◆ About this exercise
Every entry below should come back unchanged, except that the pictures are dropped.

** Input data follows **

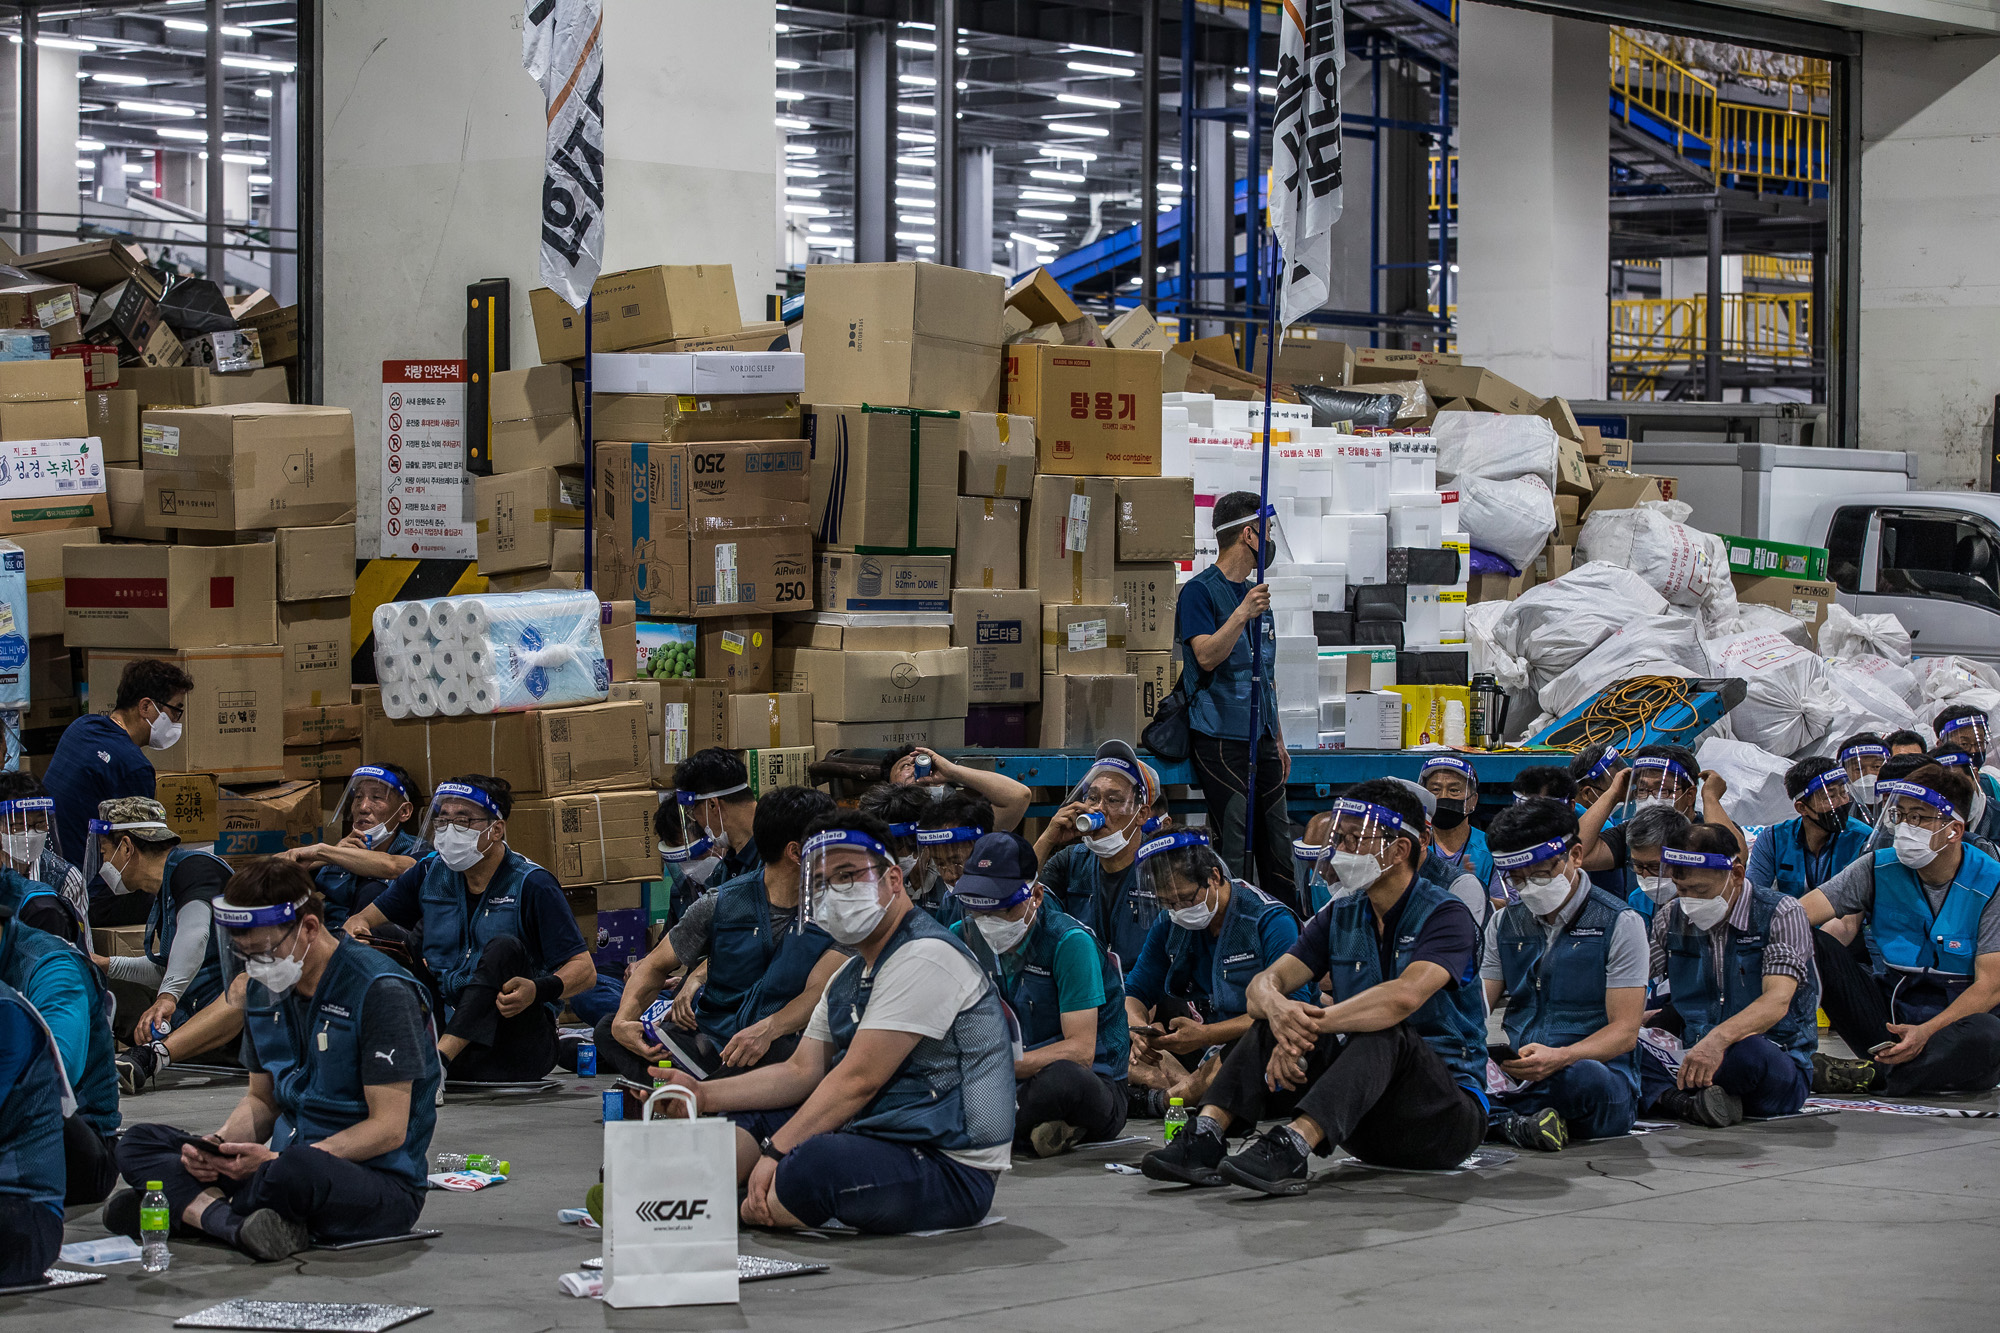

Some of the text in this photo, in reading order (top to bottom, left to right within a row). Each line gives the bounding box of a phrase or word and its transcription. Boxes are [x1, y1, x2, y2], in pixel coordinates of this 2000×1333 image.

[404, 364, 460, 378] 차량 안전수칙
[391, 396, 400, 406] 20
[416, 398, 436, 406] 운행속도
[437, 398, 446, 406] 준수
[1106, 453, 1152, 462] food container
[1348, 447, 1370, 458] 당일배송
[438, 462, 452, 470] 급회전
[454, 462, 463, 470] 금지
[694, 453, 726, 474] 250
[405, 477, 414, 485] 차량
[430, 477, 459, 485] 주차브레이크
[633, 462, 647, 503] 250
[774, 565, 806, 576] AIRwell
[896, 571, 912, 580] LIDS
[895, 580, 938, 588] 92mm DOME
[776, 581, 806, 602] 250
[10, 645, 26, 654] BATH
[1428, 699, 1437, 736] Maxim
[630, 719, 638, 767] DBBC-0329A
[448, 784, 470, 792] Shield
[1903, 784, 1924, 794] Shield
[174, 793, 202, 806] 초가을
[174, 808, 204, 822] 우엉차
[226, 820, 260, 830] AIRwell
[642, 811, 651, 858] DBBC-0329A
[816, 832, 842, 841] Shield
[226, 834, 259, 852] 250
[1150, 838, 1172, 850] Shield
[1506, 854, 1531, 864] Shield
[1678, 854, 1702, 863] Shield
[224, 912, 248, 921] Shield

** End of Input data **

◆ Exercise response
Some of the text in this photo, in reading order (top to bottom, left to right within a row). Each line gives the bounding box of a phrase or word and its transcription. Boxes are [x1, y1, x2, y2], in pixel coordinates of this 2000×1333 image.

[404, 364, 460, 378] 차량 안전수칙
[391, 396, 400, 406] 20
[416, 398, 436, 406] 운행속도
[437, 398, 446, 406] 준수
[1106, 453, 1152, 462] food container
[1348, 447, 1370, 458] 당일배송
[438, 462, 452, 470] 급회전
[454, 462, 463, 470] 금지
[694, 453, 726, 474] 250
[405, 477, 414, 485] 차량
[430, 477, 459, 485] 주차브레이크
[633, 462, 647, 503] 250
[774, 565, 806, 576] AIRwell
[896, 571, 912, 580] LIDS
[895, 580, 938, 588] 92mm DOME
[776, 581, 806, 602] 250
[10, 645, 26, 654] BATH
[1428, 699, 1437, 736] Maxim
[630, 719, 638, 767] DBBC-0329A
[448, 784, 470, 792] Shield
[1903, 784, 1924, 794] Shield
[174, 793, 202, 806] 초가을
[174, 808, 204, 822] 우엉차
[226, 820, 260, 830] AIRwell
[642, 811, 651, 858] DBBC-0329A
[816, 832, 842, 841] Shield
[226, 834, 259, 852] 250
[1150, 838, 1172, 850] Shield
[1506, 854, 1531, 864] Shield
[1678, 854, 1702, 863] Shield
[224, 912, 248, 921] Shield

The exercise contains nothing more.